Leave out pictures; repeat exactly the lines from the "this 1200×1600 image." line through the last of the data below.

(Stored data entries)
━━━━━━━━━━━━━━━━━━━━━━━━━━━━━━
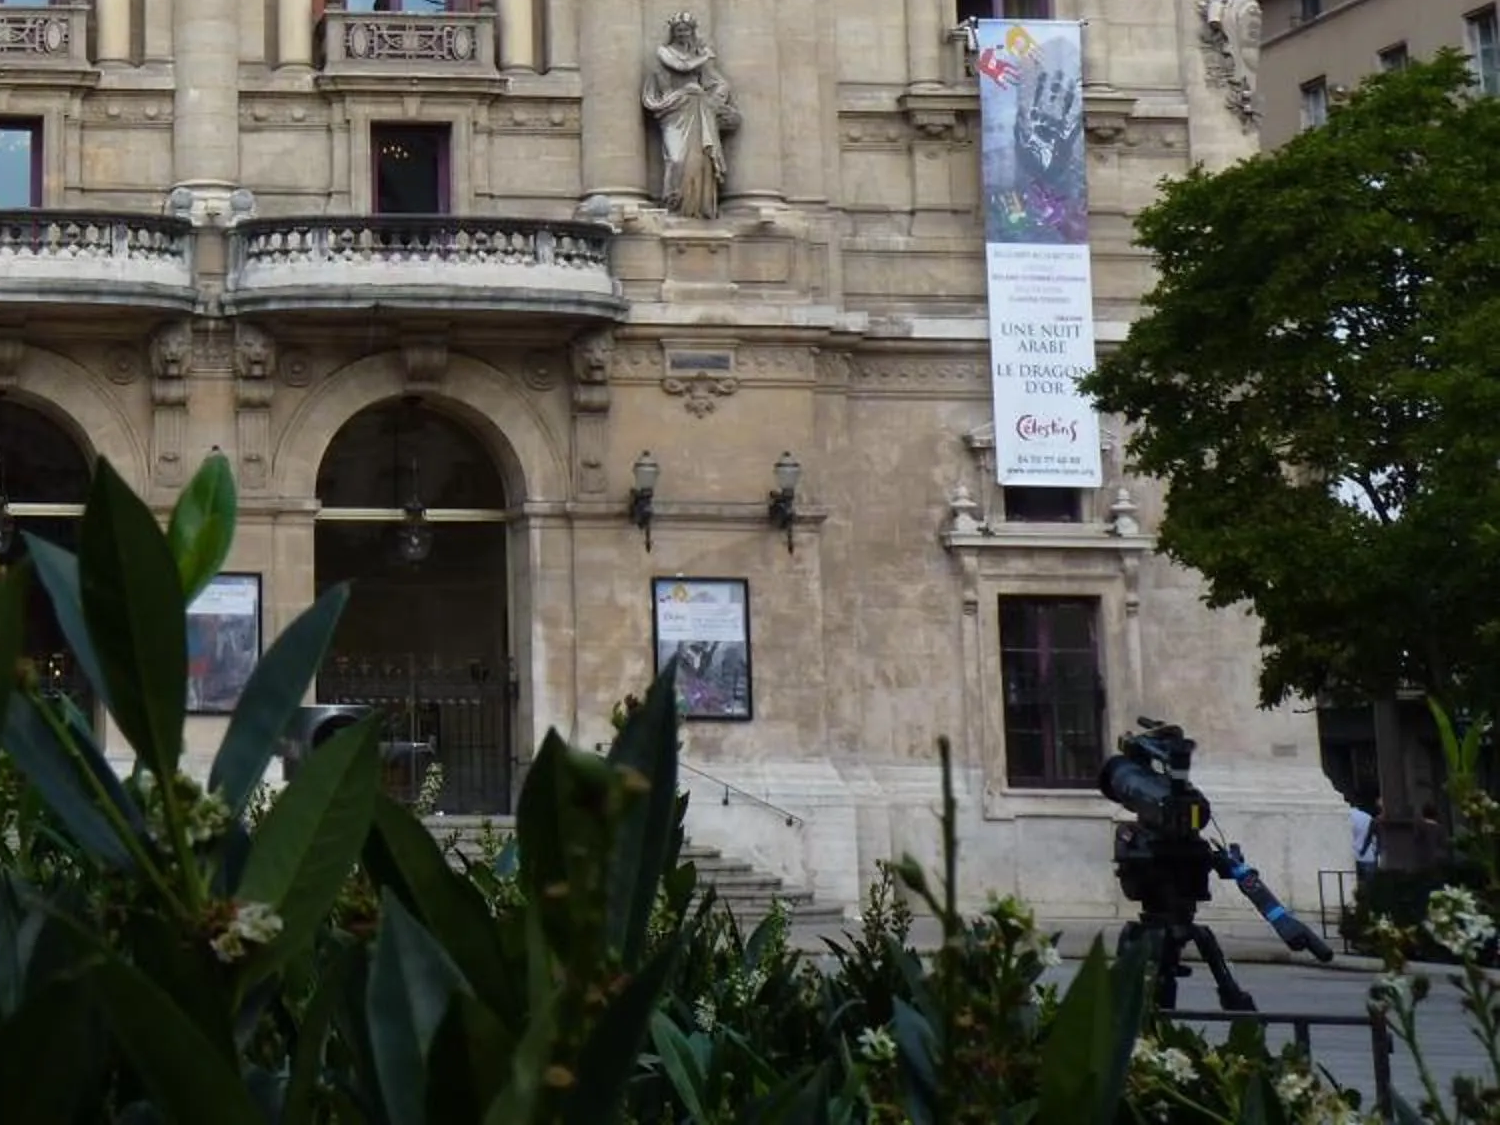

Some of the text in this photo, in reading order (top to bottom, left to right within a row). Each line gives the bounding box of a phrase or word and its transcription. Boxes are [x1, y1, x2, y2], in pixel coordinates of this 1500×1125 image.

[1001, 323, 1081, 338] UNE NUIT
[1018, 340, 1067, 354] ARABE
[997, 363, 1012, 377] LE
[1025, 381, 1065, 395] D'OR
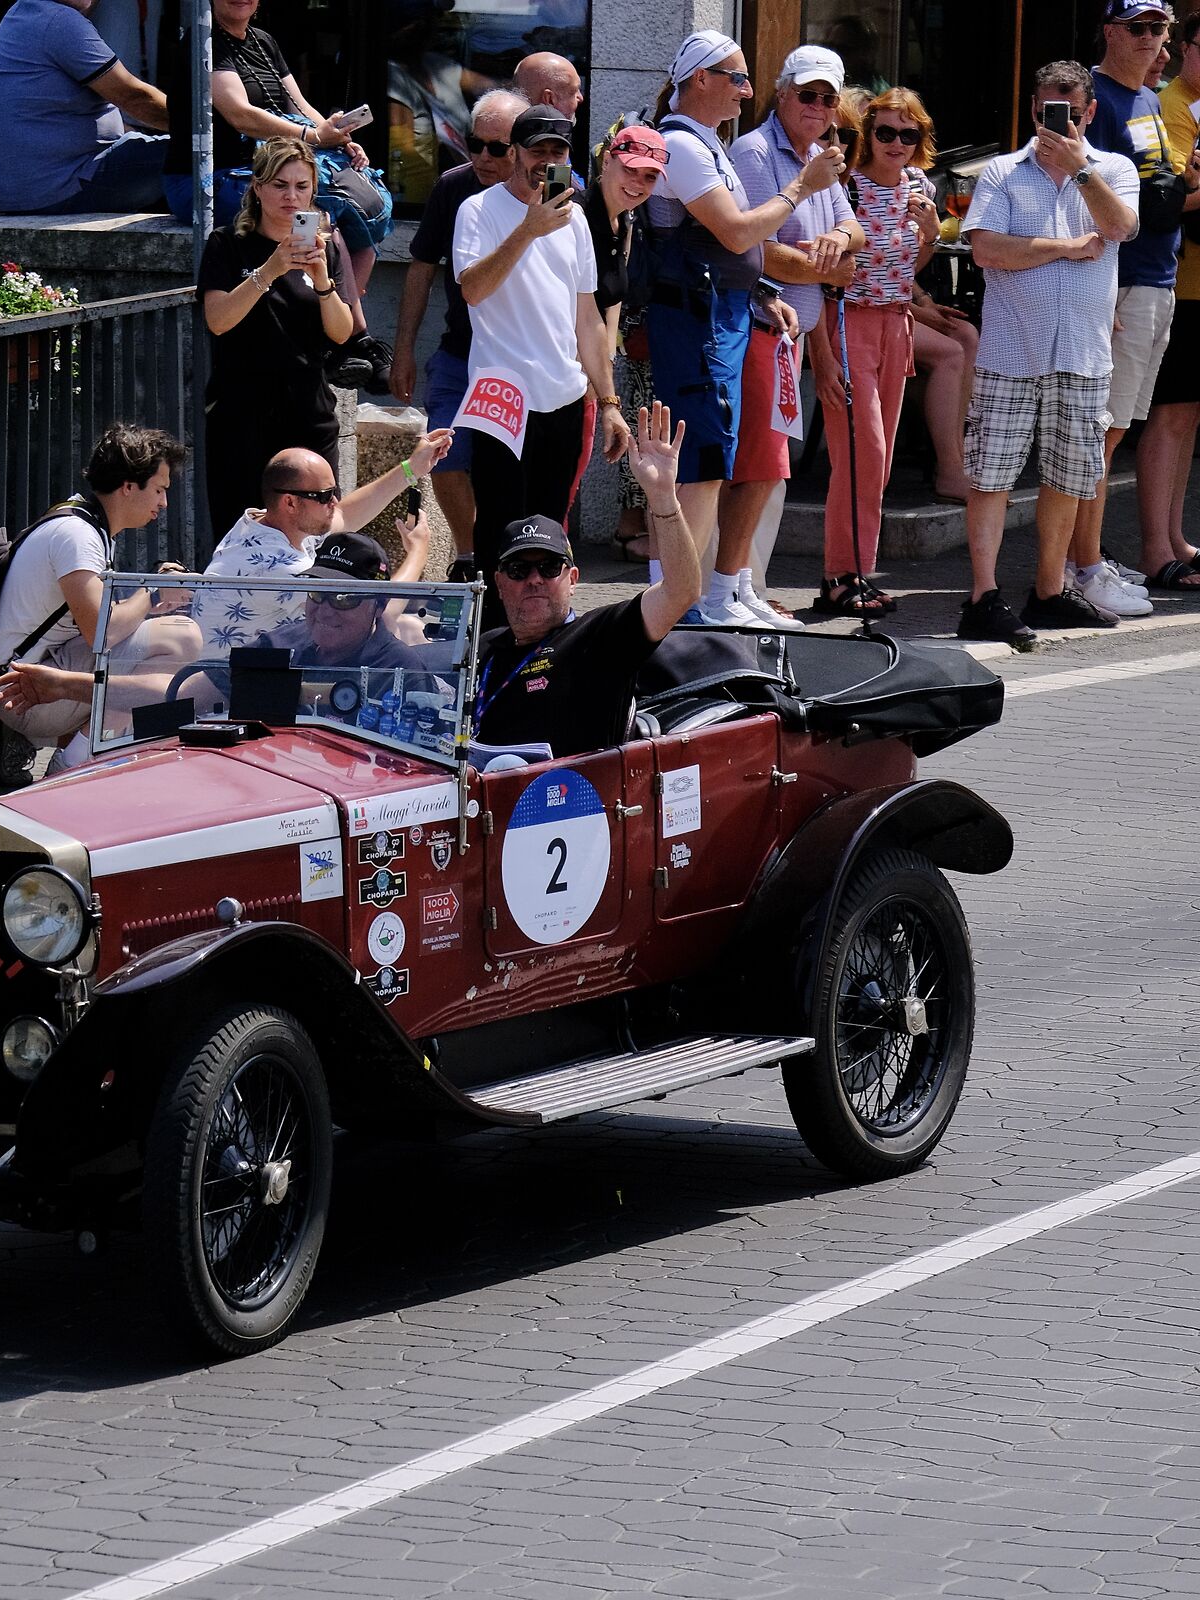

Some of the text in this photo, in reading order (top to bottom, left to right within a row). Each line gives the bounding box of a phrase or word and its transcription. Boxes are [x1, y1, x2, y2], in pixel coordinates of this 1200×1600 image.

[479, 381, 521, 410] 1000
[466, 399, 518, 433] MIGLIA
[547, 789, 560, 801] 1000
[547, 797, 566, 807] MIGLIA
[372, 795, 451, 825] Maggi Davide
[286, 827, 313, 838] classic
[309, 850, 333, 864] 2022
[365, 850, 398, 860] CHOPARD
[545, 837, 568, 894] 2
[309, 872, 334, 880] MIGLIA
[366, 889, 399, 900] CHOPARD
[428, 897, 449, 908] 1000
[426, 908, 451, 920] MIGLIA
[534, 910, 558, 919] CHOPARD
[374, 986, 402, 997] HOPARD
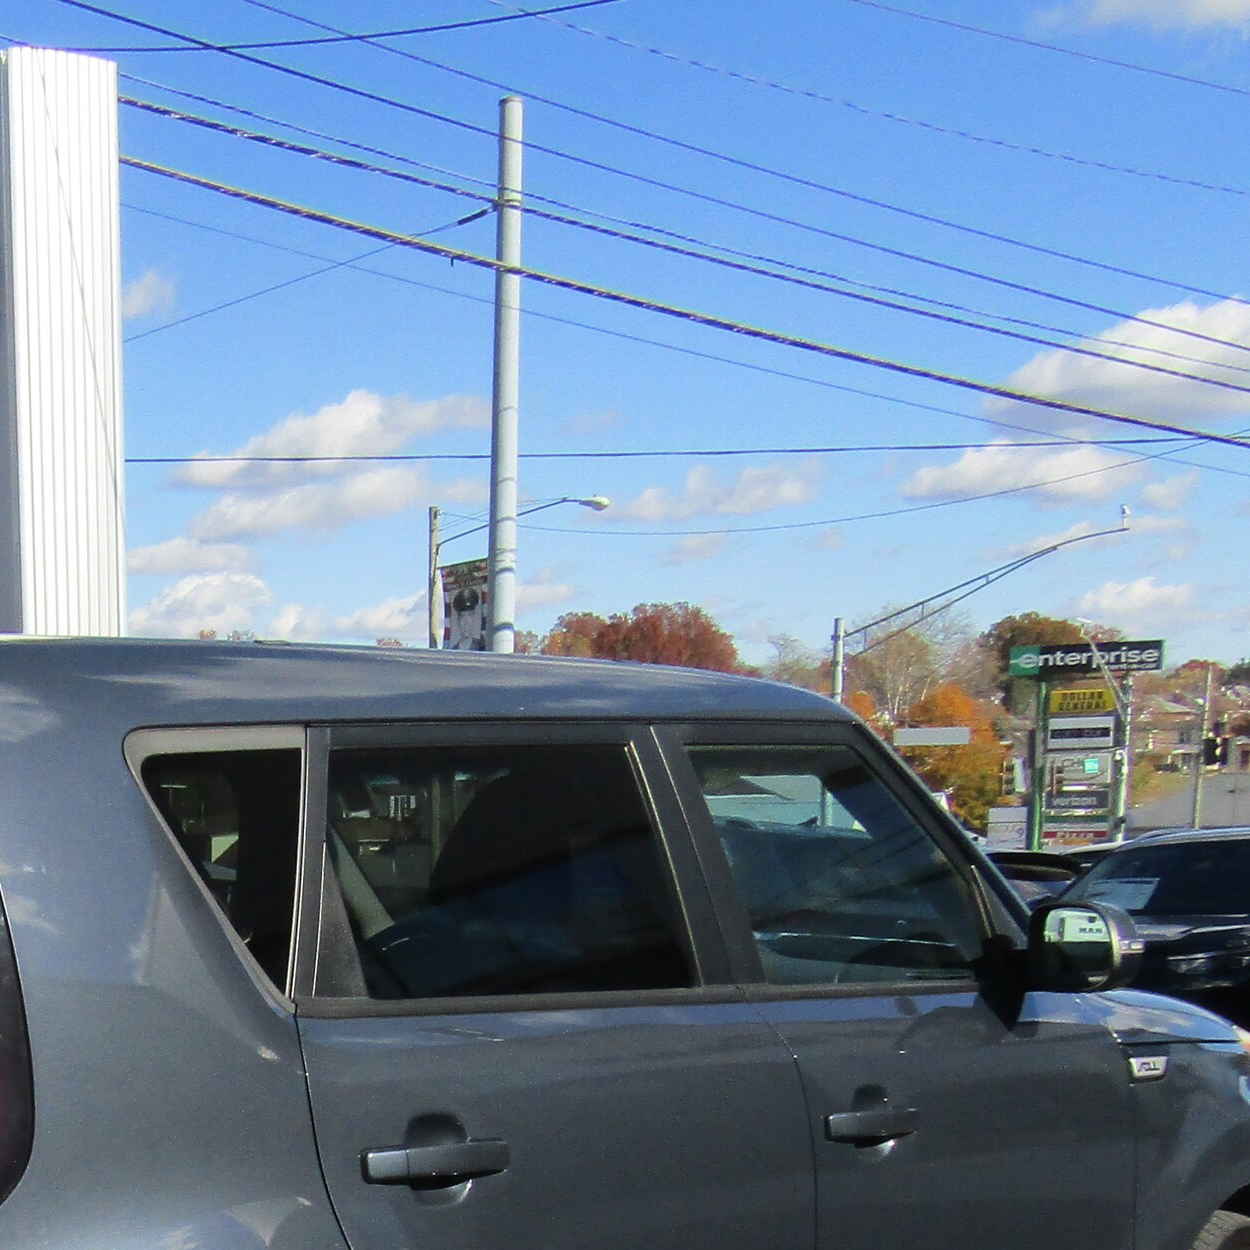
━━━━━━━━━━━━━━━━━━━━━━━━━━━━━━
- [Task solution]:
Some of the text in this photo, in reading order (top to bottom, left to right within a row). Each line gives the bounding box of a phrase or word and its transcription. Boxes are [x1, y1, x2, y2], in pixel coordinates of this 1200×1600 image.

[479, 381, 521, 410] 1000
[466, 399, 518, 433] MIGLIA
[547, 789, 560, 801] 1000
[547, 797, 566, 807] MIGLIA
[372, 795, 451, 825] Maggi Davide
[286, 827, 313, 838] classic
[309, 850, 333, 864] 2022
[365, 850, 398, 860] CHOPARD
[545, 837, 568, 894] 2
[309, 872, 334, 880] MIGLIA
[366, 889, 399, 900] CHOPARD
[428, 897, 449, 908] 1000
[426, 908, 451, 920] MIGLIA
[534, 910, 558, 919] CHOPARD
[374, 986, 402, 997] HOPARD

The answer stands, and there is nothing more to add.